By default, the ``--max-depth`` and ``--map-deps`` are unset so we don't stop parsing based on some
maximum depth or number of dependencies. You can try setting these values as well.

Graph
=====

To create a simple citation graph, you can do:

.. code-block:: console

    $ citelang graph pypi requests


This will print a (much prettier) rendering of the graph to the console! Here is for pypi:

.. image:: https://raw.githubusercontent.com/vsoch/citelang/main/examples/console/citelang-console-pypi.png


And citelang has custom package parsers, meaning we can add package managers that aren't in libraries.io!
Here is spack:


.. code-block:: console

    $ citelang graph spack caliper


.. image:: https://raw.githubusercontent.com/vsoch/citelang/main/examples/console/citelang-console-spack.png

And GitHub.


.. code-block:: console

    $ citelang graph github singularityhub/singularity-hpc

.. image:: https://raw.githubusercontent.com/vsoch/citelang/main/examples/console/citelang-console-github.png

GitHub is a bit of a deviant parser because we use the dendency graph that GitHub has found in your repository.
If you have a non-traditional way of defining deps (e.g., singularity-cli above writes them into a version.py that gets piped into setup.py) they won't show up.
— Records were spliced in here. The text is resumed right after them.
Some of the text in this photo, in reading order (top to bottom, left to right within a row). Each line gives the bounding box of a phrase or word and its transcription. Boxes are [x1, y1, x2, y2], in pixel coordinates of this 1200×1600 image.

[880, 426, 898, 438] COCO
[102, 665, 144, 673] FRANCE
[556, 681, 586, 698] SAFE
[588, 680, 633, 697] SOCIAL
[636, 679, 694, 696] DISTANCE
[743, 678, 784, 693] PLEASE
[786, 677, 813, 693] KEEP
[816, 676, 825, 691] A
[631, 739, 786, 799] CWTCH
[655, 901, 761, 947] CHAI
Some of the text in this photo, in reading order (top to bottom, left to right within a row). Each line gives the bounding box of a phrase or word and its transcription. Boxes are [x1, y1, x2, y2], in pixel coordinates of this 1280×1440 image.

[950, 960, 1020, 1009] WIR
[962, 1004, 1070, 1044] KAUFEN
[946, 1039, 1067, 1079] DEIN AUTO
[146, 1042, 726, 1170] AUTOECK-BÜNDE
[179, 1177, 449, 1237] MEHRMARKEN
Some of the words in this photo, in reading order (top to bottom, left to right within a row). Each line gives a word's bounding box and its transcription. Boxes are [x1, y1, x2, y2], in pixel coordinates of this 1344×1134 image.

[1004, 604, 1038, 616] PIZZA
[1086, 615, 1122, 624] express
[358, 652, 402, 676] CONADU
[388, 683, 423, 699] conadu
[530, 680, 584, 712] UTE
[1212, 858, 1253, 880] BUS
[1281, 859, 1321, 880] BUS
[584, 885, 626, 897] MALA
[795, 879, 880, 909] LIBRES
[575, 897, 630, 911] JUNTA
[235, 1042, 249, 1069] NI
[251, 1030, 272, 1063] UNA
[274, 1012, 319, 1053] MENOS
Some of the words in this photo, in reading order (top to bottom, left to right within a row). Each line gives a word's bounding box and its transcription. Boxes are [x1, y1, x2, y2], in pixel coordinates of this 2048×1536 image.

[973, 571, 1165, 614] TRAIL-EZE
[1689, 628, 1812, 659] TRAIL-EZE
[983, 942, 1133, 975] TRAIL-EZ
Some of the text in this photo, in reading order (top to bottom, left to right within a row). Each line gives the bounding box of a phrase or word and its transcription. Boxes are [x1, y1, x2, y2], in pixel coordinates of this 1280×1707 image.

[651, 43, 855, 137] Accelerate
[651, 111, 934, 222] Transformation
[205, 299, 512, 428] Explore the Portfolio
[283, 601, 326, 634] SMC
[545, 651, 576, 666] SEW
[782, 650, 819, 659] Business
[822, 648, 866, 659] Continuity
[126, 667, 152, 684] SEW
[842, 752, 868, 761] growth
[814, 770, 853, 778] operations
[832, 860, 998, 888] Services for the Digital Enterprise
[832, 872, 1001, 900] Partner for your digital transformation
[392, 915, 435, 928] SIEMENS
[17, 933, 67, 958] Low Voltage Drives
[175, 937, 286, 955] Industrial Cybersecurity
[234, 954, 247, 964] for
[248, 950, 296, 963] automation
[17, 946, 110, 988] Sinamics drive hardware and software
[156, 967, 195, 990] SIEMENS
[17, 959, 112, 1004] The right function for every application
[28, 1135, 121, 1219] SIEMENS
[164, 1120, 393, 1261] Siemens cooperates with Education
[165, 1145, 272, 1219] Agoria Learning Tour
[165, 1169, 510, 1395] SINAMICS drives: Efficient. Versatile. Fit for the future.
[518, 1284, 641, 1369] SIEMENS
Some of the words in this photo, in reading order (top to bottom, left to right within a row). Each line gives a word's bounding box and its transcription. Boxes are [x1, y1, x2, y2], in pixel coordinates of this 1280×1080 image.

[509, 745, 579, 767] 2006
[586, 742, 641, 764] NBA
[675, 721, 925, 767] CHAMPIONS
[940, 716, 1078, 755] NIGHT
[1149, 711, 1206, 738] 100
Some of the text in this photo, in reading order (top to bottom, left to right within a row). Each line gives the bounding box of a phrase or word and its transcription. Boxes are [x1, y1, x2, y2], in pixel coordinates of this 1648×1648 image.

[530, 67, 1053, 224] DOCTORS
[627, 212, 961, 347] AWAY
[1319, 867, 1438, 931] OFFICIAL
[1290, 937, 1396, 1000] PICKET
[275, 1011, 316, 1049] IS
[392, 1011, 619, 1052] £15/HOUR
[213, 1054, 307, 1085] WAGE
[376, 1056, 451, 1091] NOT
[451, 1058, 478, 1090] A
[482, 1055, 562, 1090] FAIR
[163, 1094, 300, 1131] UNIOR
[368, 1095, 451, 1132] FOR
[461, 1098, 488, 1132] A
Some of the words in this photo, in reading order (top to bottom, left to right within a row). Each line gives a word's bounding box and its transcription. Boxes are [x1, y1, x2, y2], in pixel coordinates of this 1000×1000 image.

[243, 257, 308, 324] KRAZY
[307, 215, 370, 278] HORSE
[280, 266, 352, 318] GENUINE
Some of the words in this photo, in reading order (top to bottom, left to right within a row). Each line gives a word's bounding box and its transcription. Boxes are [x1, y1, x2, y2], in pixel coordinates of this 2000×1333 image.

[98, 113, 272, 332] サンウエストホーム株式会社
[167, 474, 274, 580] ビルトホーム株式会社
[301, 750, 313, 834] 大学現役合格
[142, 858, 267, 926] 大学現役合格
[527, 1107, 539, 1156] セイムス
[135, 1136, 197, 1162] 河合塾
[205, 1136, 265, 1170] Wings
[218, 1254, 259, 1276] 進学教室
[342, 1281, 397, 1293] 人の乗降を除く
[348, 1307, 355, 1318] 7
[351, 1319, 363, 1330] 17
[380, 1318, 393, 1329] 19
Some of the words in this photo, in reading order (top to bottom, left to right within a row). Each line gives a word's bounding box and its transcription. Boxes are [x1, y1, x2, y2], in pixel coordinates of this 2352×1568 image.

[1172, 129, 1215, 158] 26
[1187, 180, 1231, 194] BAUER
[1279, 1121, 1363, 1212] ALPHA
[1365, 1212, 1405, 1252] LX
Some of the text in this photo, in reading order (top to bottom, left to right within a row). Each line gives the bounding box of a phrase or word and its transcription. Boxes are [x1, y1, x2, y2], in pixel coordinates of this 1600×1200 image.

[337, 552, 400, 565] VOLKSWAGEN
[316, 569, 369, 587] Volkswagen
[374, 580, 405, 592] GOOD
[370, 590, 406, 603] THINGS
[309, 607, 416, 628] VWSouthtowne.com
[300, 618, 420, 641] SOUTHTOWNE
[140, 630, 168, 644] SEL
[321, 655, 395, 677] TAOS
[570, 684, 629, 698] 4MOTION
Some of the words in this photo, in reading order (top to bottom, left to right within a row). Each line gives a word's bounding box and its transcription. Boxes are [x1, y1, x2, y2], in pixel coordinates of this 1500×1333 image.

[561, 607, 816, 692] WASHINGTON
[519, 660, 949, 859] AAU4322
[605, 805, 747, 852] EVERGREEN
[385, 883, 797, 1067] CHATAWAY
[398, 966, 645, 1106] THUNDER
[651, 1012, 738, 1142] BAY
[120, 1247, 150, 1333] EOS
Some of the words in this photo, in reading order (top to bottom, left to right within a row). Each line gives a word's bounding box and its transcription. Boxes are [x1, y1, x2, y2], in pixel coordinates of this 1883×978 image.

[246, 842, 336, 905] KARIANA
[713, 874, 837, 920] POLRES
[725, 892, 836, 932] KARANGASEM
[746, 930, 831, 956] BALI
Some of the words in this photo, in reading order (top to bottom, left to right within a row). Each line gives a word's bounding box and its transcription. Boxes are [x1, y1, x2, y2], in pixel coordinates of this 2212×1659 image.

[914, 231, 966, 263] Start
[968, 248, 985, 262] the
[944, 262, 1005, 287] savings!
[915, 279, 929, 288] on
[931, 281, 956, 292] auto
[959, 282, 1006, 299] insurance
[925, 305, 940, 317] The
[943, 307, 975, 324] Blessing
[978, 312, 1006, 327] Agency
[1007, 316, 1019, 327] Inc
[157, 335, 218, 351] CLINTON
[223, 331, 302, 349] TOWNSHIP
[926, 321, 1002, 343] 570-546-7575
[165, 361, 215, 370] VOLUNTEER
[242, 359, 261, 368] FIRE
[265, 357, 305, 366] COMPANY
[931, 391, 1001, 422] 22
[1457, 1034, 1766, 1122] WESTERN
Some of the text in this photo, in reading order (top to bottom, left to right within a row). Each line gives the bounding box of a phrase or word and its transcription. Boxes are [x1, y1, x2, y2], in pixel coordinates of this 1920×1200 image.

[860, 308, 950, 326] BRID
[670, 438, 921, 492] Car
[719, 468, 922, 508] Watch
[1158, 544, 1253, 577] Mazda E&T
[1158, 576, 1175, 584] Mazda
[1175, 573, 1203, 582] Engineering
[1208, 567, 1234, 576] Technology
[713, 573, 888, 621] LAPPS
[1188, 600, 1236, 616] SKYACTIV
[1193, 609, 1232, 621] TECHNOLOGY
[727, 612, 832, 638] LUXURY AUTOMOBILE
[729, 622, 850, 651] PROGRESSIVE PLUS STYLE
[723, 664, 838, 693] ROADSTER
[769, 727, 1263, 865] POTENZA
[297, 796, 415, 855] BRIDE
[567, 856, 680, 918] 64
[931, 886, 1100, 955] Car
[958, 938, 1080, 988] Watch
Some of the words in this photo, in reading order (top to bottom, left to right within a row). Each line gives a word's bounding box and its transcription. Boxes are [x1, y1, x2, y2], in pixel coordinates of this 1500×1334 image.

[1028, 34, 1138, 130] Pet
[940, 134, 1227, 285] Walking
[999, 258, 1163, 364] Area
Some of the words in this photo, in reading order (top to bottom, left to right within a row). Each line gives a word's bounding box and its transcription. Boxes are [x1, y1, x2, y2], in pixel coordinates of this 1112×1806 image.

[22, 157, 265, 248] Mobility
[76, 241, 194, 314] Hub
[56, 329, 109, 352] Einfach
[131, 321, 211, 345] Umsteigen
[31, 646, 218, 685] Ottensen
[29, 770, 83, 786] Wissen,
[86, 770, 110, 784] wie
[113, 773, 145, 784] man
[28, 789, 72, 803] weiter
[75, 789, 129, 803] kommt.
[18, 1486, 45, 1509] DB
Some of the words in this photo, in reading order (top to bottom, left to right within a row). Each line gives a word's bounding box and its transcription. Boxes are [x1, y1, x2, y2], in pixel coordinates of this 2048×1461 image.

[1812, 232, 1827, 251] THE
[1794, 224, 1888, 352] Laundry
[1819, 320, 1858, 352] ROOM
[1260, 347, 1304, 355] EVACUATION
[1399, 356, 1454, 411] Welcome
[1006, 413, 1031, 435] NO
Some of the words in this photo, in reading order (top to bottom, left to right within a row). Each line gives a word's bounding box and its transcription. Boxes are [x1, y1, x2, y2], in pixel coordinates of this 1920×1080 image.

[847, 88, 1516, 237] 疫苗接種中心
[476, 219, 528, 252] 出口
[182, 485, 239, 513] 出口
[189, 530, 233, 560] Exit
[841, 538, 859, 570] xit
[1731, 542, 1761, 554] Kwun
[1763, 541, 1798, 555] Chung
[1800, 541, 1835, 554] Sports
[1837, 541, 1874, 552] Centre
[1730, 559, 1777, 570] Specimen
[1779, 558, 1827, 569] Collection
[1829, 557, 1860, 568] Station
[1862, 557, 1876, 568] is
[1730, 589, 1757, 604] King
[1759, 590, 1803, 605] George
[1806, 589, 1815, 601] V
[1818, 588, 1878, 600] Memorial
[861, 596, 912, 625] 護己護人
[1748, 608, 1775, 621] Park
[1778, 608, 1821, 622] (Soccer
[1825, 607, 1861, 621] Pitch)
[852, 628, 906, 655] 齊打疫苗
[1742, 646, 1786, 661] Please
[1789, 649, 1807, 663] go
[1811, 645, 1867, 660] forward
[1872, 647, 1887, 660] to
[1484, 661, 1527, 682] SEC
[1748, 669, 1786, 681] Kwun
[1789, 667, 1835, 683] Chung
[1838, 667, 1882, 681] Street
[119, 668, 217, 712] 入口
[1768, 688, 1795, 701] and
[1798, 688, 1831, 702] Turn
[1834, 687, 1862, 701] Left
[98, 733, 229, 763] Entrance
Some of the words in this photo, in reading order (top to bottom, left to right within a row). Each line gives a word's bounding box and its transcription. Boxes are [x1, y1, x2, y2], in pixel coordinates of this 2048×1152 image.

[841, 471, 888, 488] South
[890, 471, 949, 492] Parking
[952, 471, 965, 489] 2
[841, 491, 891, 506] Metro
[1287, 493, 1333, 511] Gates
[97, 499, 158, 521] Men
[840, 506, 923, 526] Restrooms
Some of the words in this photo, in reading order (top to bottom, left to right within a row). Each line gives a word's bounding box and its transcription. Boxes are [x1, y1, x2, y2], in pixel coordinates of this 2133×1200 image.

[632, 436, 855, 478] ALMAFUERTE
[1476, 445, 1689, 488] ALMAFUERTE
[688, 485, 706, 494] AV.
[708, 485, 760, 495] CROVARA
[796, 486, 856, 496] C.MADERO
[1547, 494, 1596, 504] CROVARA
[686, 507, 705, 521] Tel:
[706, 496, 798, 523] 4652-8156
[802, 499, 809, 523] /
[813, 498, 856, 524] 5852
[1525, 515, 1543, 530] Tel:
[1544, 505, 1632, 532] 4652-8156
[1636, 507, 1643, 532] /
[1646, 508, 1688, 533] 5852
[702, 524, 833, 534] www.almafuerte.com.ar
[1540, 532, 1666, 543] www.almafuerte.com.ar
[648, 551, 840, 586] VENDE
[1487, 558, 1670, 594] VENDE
Also note that when you cite GitHub, we are giving credit to ALL the software you use for your setup, including documentation and CI. Here is a more traditional GitHub repository
that has a detectable file.


Dot
---

To generate (and then render a dot graph):

.. code-block:: console

    $ citelang graph pypi requests --fmt dot > examples/dot/graph.dot
    $ dot -Tpng < examples/dot/graph.dot > examples/dot/graph.png
    $ dot -Tsvg < examples/dot/graph.dot > examples/dot/graph.svg

Cypher
------

Cypher is the query format for Neo4j, the graph database.

.. code-block:: console

    $ citelang graph pypi requests --fmt cypher

    CREATE (tlolycos:PACKAGE {name: 'requests (0.5)', label: 'tlolycos'}),
    (jgaoitav:PACKAGE {name: 'win-inet-pton (0.071)', label: 'jgaoitav'}),
    (jijibmow:PACKAGE {name: 'PySocks (0.071)', label: 'jijibmow'}),
    (gotbtadg:PACKAGE {name: 'charset-normalizer (0.036)', label: 'gotbtadg'}),
    (lflybqsc:PACKAGE {name: 'idna (0.071)', label: 'lflybqsc'}),
    (kitlrsbz:PACKAGE {name: 'chardet (0.071)', label: 'kitlrsbz'}),
    (gnveurko:PACKAGE {name: 'certifi (0.071)', label: 'gnveurko'}),
    (eoikqvix:PACKAGE {name: 'urllib3 (0.071)', label: 'eoikqvix'}),
    (kvccvkva:PACKAGE {name: 'unicodedata2 (0.036)', label: 'kvccvkva'}),
    (tlolycos)-[:DEPENDSON]->(jgaoitav),
    (tlolycos)-[:DEPENDSON]->(jijibmow),
    (tlolycos)-[:DEPENDSON]->(gotbtadg),
    (tlolycos)-[:DEPENDSON]->(lflybqsc),
    (tlolycos)-[:DEPENDSON]->(kitlrsbz),
    (tlolycos)-[:DEPENDSON]->(gnveurko),
    (tlolycos)-[:DEPENDSON]->(eoikqvix),
    (gotbtadg)-[:DEPENDSON]->(kvccvkva);

What you are seeing above is a definition of node and relationships. You can pipe to file:


.. code-block:: console

    $ citelang graph pypi requests --fmt cypher > examples/cypher/graph.cypher


If you test the output in the [Neo4J sandbox](https://sandbox.neo4j.com/) by first running the code to generate nodes and then doing:

.. code-block:: console

    MATCH (n) RETURN (n)


You should see:

.. image:: https://raw.githubusercontent.com/vsoch/citelang/main/examples/cypher/graph.png

From within Python you can do:

.. code-block:: console

    from citelang.main import Client
    client = Client()
    client.graph(manager="pypi", name="requests", fmt="cypher")


Gexf (NetworkX)
---------------

If you want to use networkX or Gephi or a `viewer <https://github.com/raphv/gexf-js>`_ you can generate output as follows:

.. code-block:: console

    $ citelang graph pypi requests --fmt gexf
    $ citelang graph pypi requests --fmt gexf > examples/gexf/graph.xml

To use the viewer, you’ll first need to import into Gephi so the nodes have added spatial information. Without this information, you won’t see them in the UI. You can then do the following:

.. code-block:: console

    $ here=$PWD
    $ cd /tmp
    $ git clone https://github.com/raphv/gexf-js
    $ cd gexf-js


The file we generated above, we copy over the example so we don't have to edit config.js

.. code-block:: console

    $ cp $here/examples/gexf/graph.xml miserables.gexf


And then run the server!

.. code-block:: console

    python -m http.server 9999


As an alternative, networkx can also read in the gexf file:

.. code-block:: python

    import matplotlib.pyplot as plt
    import networkx as nx

    graph = nx.read_gexf('examples/gexf/graph.xml')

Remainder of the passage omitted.